Venezianisch (?)
Flucht nach Ägypten
Die Flucht nach Ägypten stellt eine Episode aus der Kindheitsgeschichte Jesu dar (Mt 2,13-23). Nach der Abreise der Heiligen Drei Könige erschien Joseph im Traum ein Engel, der ihn aufforderte, mit seiner Familie nach Ägypten zu fliehen, um den Schergen von Herodes zu entkommen.
Die in ausgeprägter Unteransicht angelegte Ölskizze zeigt die Hl. Familie zusammen mit einem Begleiter auf der Flucht. Das Kind sitzt in einem auf dem Esel festgezurrten Korb und blickt auf Joseph und Maria herunter. Die Gottesmutter in rotem Gewand und blauem Mantel steht als Profilfigur am rechten Bildrand und scheint heftig mit Joseph zu diskutieren. Dieser hält in seiner Vorwärtsbewegung inne und dreht sich zu Maria um. Links im Hintergrund führt ein Knecht den Esel. Ein Erdwall im Vordergrund verdeckt den unteren Bereich der Beine der Figuren und des Esels.
Die Darstellung ist in mehrerlei Hinsicht sehr ungewöhnlich. Erstens wird in der Regel das Kind von seiner Mutter, seltener von Joseph, im Arm gehalten. Meist sitzt Maria mit dem Kind auf dem von Joseph geführten Esel. Für eine derartige Formulierung des Themas, bei der das Kind alleine in einem Korb sitzt und Joseph und Maria gestikulierend nebenher gehen, gibt es keine Quelle, auch nicht in den Apokryphen Kindheitsevangelien. Ebenso wenig scheint eine bildliche Überlieferung dieser Szene bekannt zu sein.

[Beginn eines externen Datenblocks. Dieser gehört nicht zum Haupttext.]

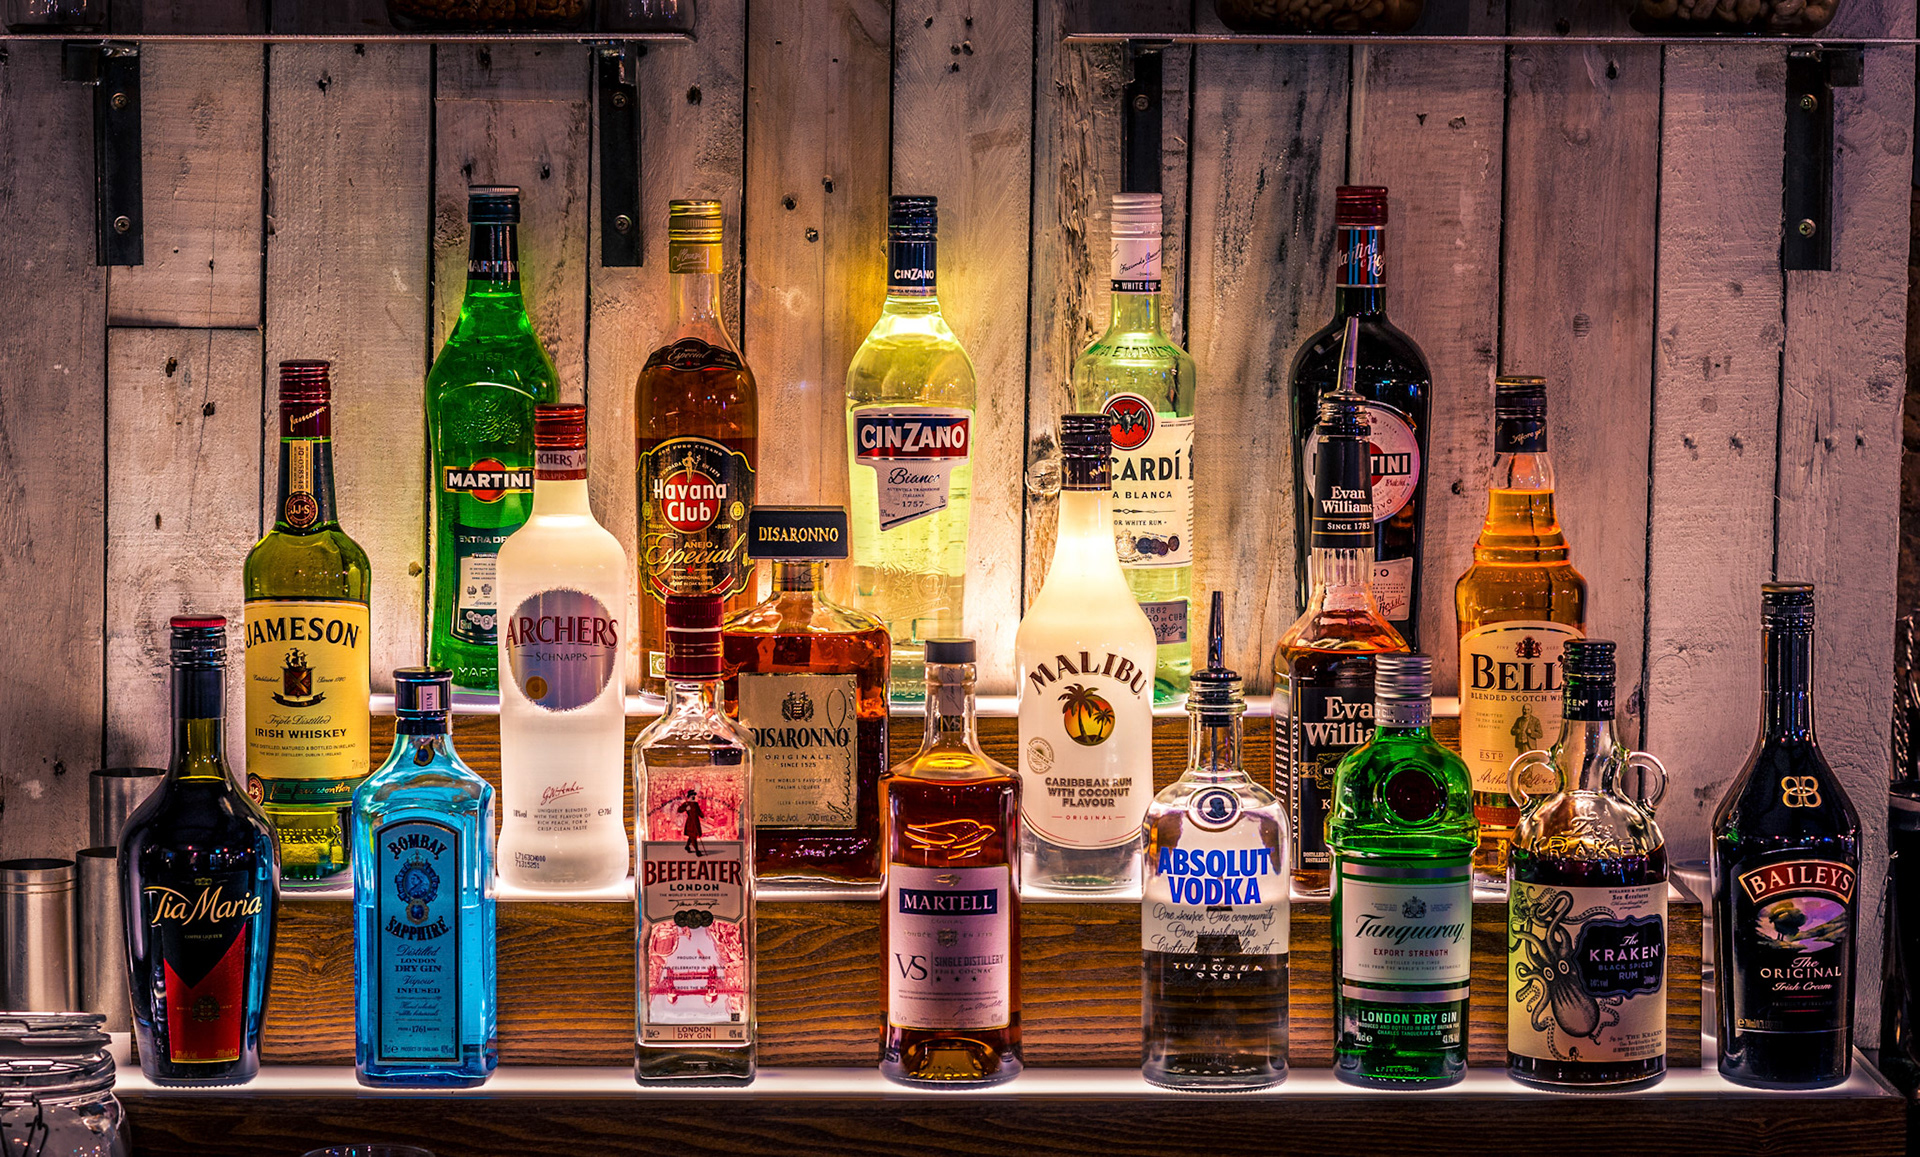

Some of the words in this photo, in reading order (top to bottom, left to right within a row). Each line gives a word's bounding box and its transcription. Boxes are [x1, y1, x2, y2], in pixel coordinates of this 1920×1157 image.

Rätselhaft bleibt auch der Maler dieser ungewöhnlichen Darstellung, die mit breiten Pinselstrichen schnell und sicher angelegt ist. Die bisherige, allerdings mit einem Fragezeichen versehene Zuschreibung an Giovanni Antonio Pellegrini kann nicht aufrehterhalten werden, doch sprechen sowohl die Farbigkeit als auch die malerische Auffassung für einen venezianischen Künstler des 18. Jahrhunderts.